▶ **EXERCISE MATERIAL**:
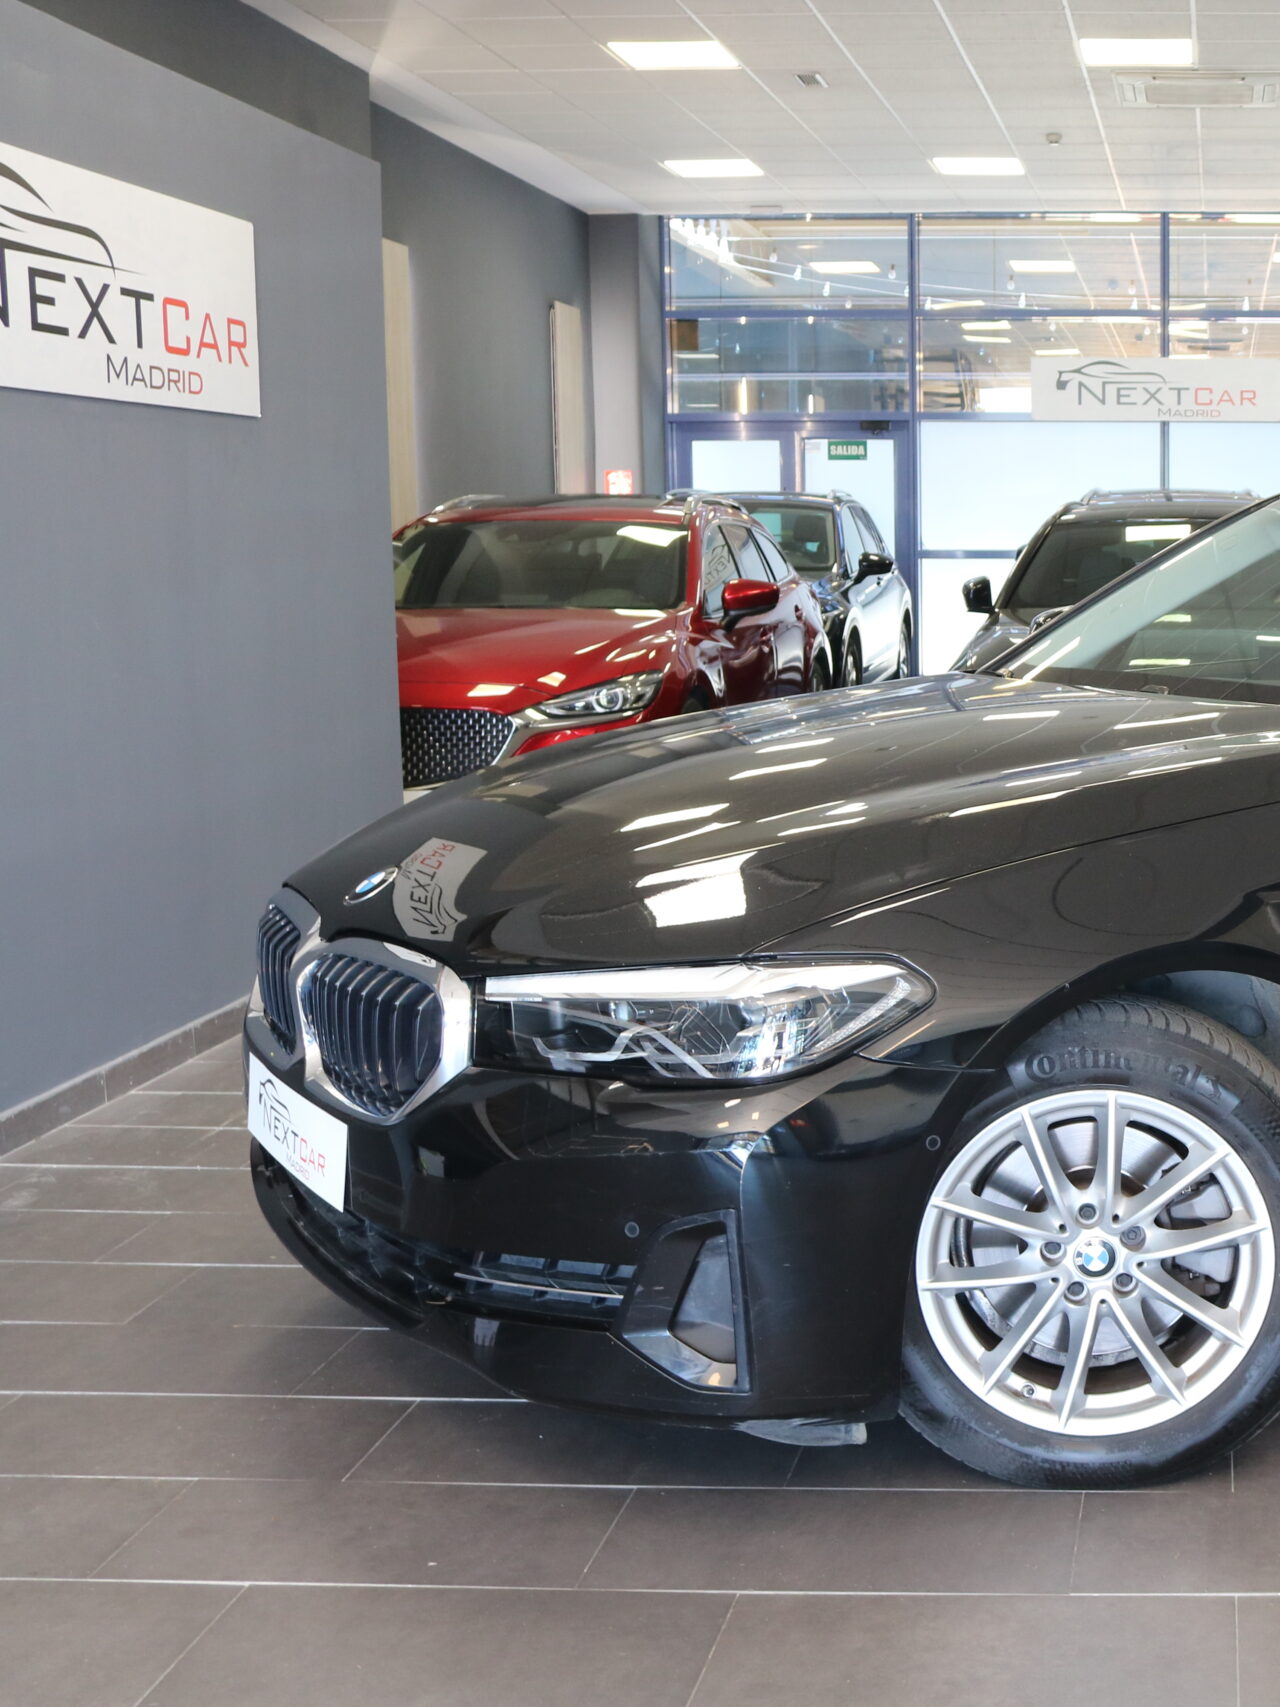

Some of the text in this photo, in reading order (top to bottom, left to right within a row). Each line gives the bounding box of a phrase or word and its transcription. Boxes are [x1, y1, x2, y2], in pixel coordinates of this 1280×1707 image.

[0, 242, 249, 367] EXTCAR
[106, 353, 204, 395] MADRID
[1078, 381, 1257, 406] NEXTCAR
[1158, 408, 1221, 418] MADRID
[830, 445, 865, 455] SALIDA
[263, 1099, 326, 1177] NEXTCAR

▶ **WORK TO BE COMPLETED**:
Retype all of the data above word for word, excluding the pictures.

▶ **EXERCISE RESULT**:
Some of the text in this photo, in reading order (top to bottom, left to right within a row). Each line gives the bounding box of a phrase or word and its transcription. Boxes are [x1, y1, x2, y2], in pixel coordinates of this 1280×1707 image.

[0, 242, 249, 367] EXTCAR
[106, 353, 204, 395] MADRID
[1078, 381, 1257, 406] NEXTCAR
[1158, 408, 1221, 418] MADRID
[830, 445, 865, 455] SALIDA
[263, 1099, 326, 1177] NEXTCAR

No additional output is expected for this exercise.